* Work request
Here the job is to transcribe the data exactly while omitting the images.
--- START ---
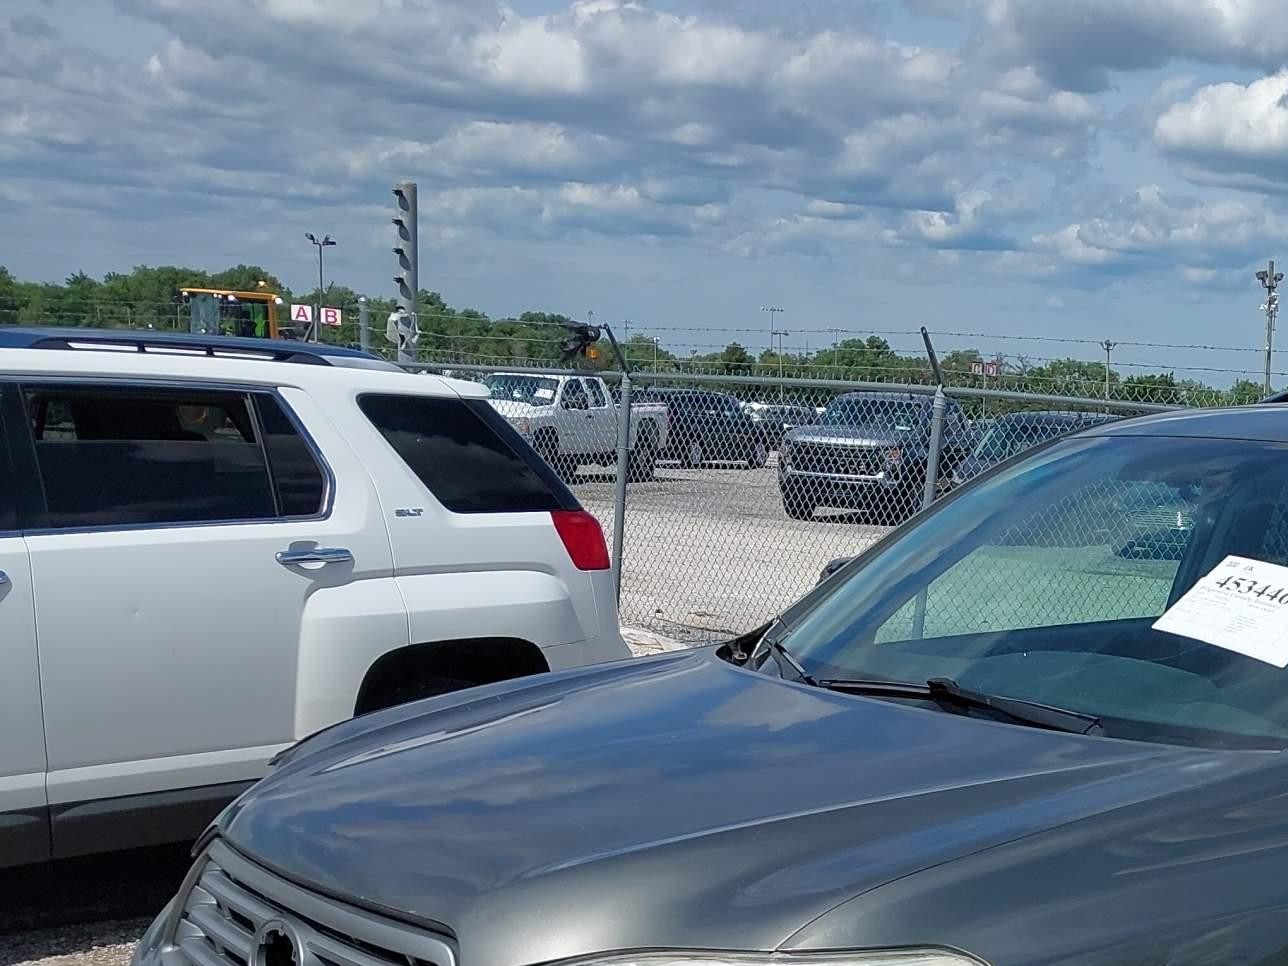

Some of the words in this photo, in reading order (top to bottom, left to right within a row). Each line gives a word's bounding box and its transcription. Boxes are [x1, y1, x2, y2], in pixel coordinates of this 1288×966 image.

[295, 305, 309, 320] A
[325, 308, 338, 324] B
[395, 508, 424, 517] SLT
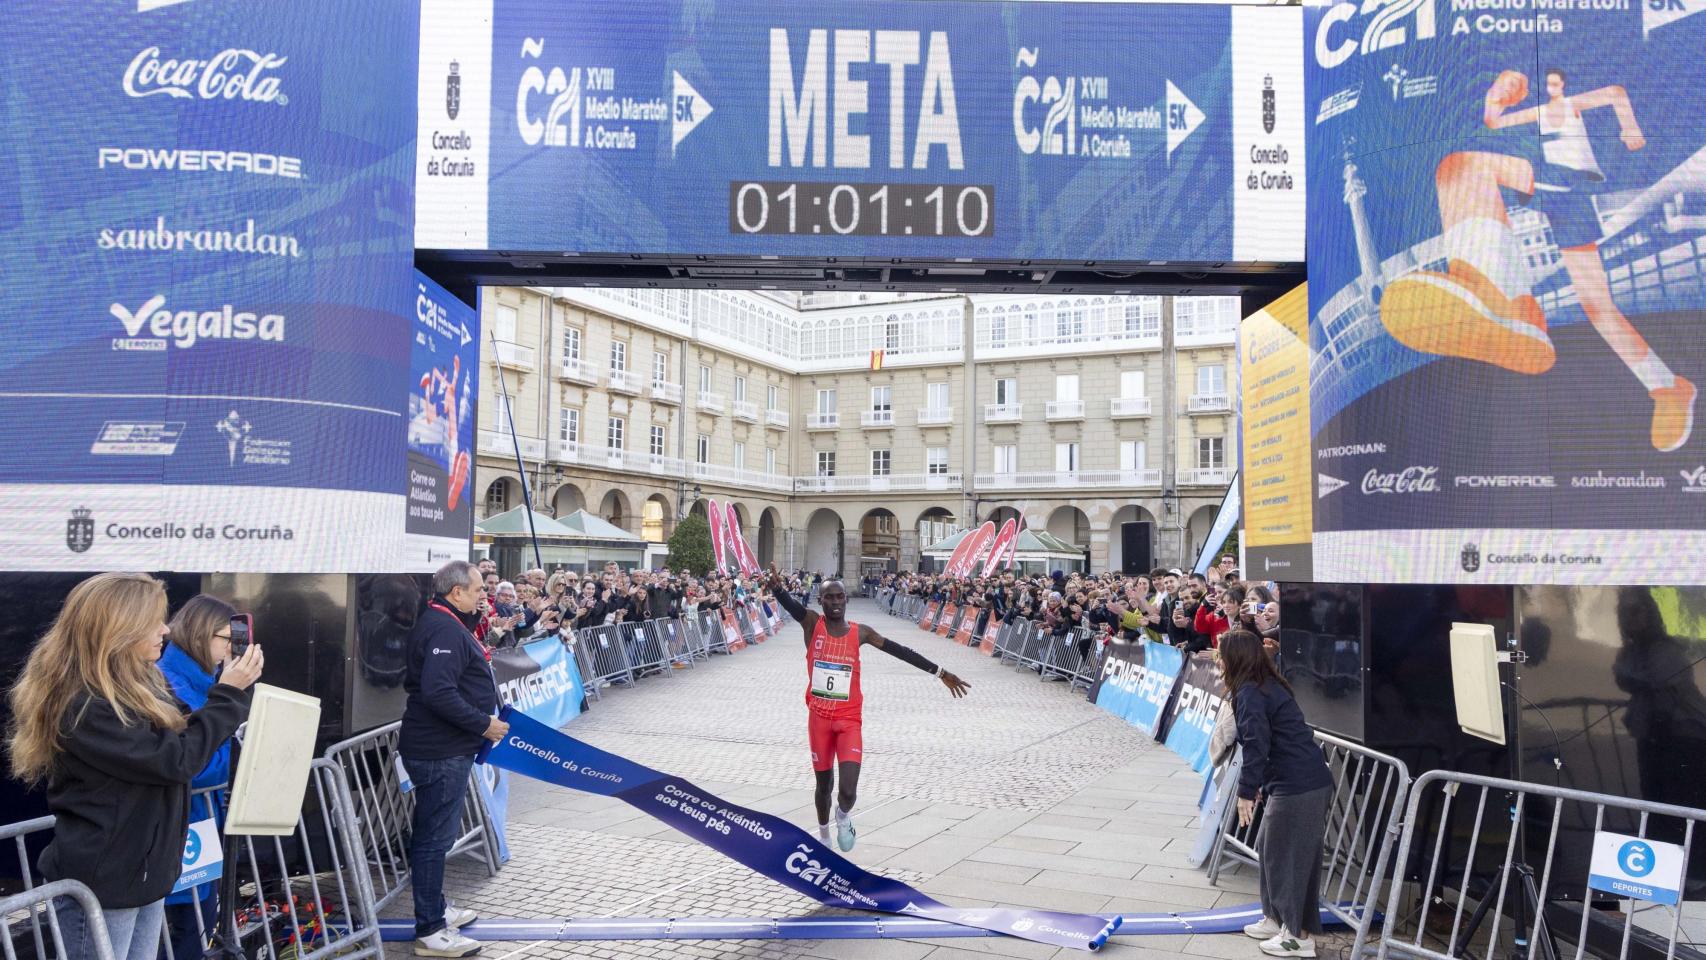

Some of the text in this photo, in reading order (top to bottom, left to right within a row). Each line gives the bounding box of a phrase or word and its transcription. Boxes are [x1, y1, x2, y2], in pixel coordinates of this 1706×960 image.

[1451, 13, 1564, 36] A Coruña
[122, 46, 288, 102] Coca-Cola
[585, 66, 615, 91] XVIII
[767, 27, 965, 170] META
[1081, 76, 1108, 99] XVIII
[584, 96, 668, 122] Medio Maratón
[674, 94, 695, 122] 5K
[1081, 105, 1161, 129] Medio Maratón
[1168, 103, 1188, 130] 5K
[432, 130, 472, 150] Concello
[584, 124, 636, 150] A Coruña
[1081, 134, 1131, 157] A Coruña
[98, 147, 301, 178] POWERADE
[1250, 144, 1289, 165] Concello
[428, 156, 475, 178] da Coruña
[1246, 170, 1294, 191] da Coruña
[736, 183, 989, 236] 01:01:10
[97, 216, 301, 257] sanbrandan
[109, 294, 286, 348] Vegalsa
[1318, 443, 1387, 459] PATROCINAN:
[411, 470, 427, 485] Corre
[1361, 466, 1438, 494] Coca-Cola
[1455, 475, 1554, 488] POWERADE
[1571, 470, 1665, 488] sanbrandan
[410, 486, 437, 503] Atlántico
[106, 523, 294, 541] Concello da Coruña
[1486, 551, 1602, 565] Concello da Coruña
[826, 675, 835, 691] 6
[1100, 655, 1175, 707] POWERADE
[1173, 682, 1222, 735] POWE
[508, 735, 623, 783] Concello da Coruña
[655, 792, 732, 836] aos teus pés
[663, 784, 773, 841] Corre co Atlántico
[180, 870, 208, 884] DEPORTES
[831, 873, 851, 886] XVIII
[826, 879, 879, 907] Medio Maratón
[829, 887, 856, 905] Coruña
[1612, 881, 1653, 897] DEPORTES
[1038, 924, 1091, 941] Concello
--- END ---
* Completed task
Some of the words in this photo, in reading order (top to bottom, left to right within a row). Each line gives a word's bounding box and its transcription. Boxes are [x1, y1, x2, y2], in pixel coordinates of this 1288×966 image.

[295, 305, 309, 320] A
[325, 308, 338, 324] B
[395, 508, 424, 517] SLT

Some of the text in this photo, in reading order (top to bottom, left to right within a row). Each line gives the bounding box of a phrase or word and its transcription. Boxes are [x1, y1, x2, y2], in pixel coordinates of this 1706×960 image.

[1451, 13, 1564, 36] A Coruña
[122, 46, 288, 102] Coca-Cola
[585, 66, 615, 91] XVIII
[767, 27, 965, 170] META
[1081, 76, 1108, 99] XVIII
[584, 96, 668, 122] Medio Maratón
[674, 94, 695, 122] 5K
[1081, 105, 1161, 129] Medio Maratón
[1168, 103, 1188, 130] 5K
[432, 130, 472, 150] Concello
[584, 124, 636, 150] A Coruña
[1081, 134, 1131, 157] A Coruña
[98, 147, 301, 178] POWERADE
[1250, 144, 1289, 165] Concello
[428, 156, 475, 178] da Coruña
[1246, 170, 1294, 191] da Coruña
[736, 183, 989, 236] 01:01:10
[97, 216, 301, 257] sanbrandan
[109, 294, 286, 348] Vegalsa
[1318, 443, 1387, 459] PATROCINAN:
[411, 470, 427, 485] Corre
[1361, 466, 1438, 494] Coca-Cola
[1455, 475, 1554, 488] POWERADE
[1571, 470, 1665, 488] sanbrandan
[410, 486, 437, 503] Atlántico
[106, 523, 294, 541] Concello da Coruña
[1486, 551, 1602, 565] Concello da Coruña
[826, 675, 835, 691] 6
[1100, 655, 1175, 707] POWERADE
[1173, 682, 1222, 735] POWE
[508, 735, 623, 783] Concello da Coruña
[655, 792, 732, 836] aos teus pés
[663, 784, 773, 841] Corre co Atlántico
[180, 870, 208, 884] DEPORTES
[831, 873, 851, 886] XVIII
[826, 879, 879, 907] Medio Maratón
[829, 887, 856, 905] Coruña
[1612, 881, 1653, 897] DEPORTES
[1038, 924, 1091, 941] Concello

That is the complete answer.